> **Records provided**:
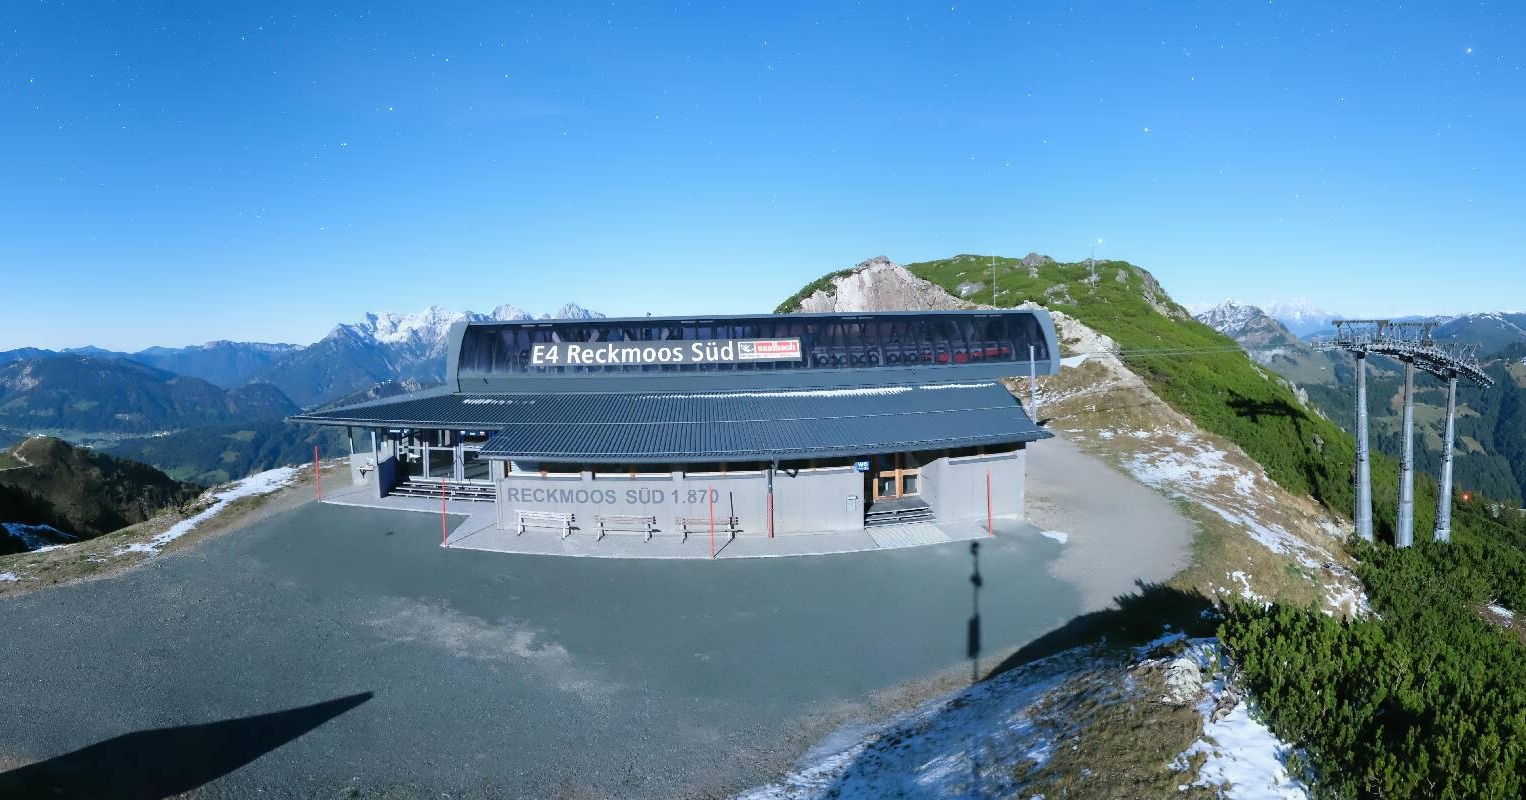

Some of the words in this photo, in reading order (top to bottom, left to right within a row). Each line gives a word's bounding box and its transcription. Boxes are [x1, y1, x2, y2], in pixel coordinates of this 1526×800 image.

[532, 345, 559, 364] E4
[567, 343, 684, 364] Reckmoos
[691, 341, 734, 362] Süd
[507, 487, 617, 504] RECKMOOS
[625, 487, 665, 505] SÜD
[671, 489, 719, 504] 1.870

> **Exercise description**: All the records need to be printed again exactly as written, though without their pictures.

> **Result of the task**:
Some of the words in this photo, in reading order (top to bottom, left to right within a row). Each line gives a word's bounding box and its transcription. Boxes are [x1, y1, x2, y2], in pixel coordinates of this 1526×800 image.

[532, 345, 559, 364] E4
[567, 343, 684, 364] Reckmoos
[691, 341, 734, 362] Süd
[507, 487, 617, 504] RECKMOOS
[625, 487, 665, 505] SÜD
[671, 489, 719, 504] 1.870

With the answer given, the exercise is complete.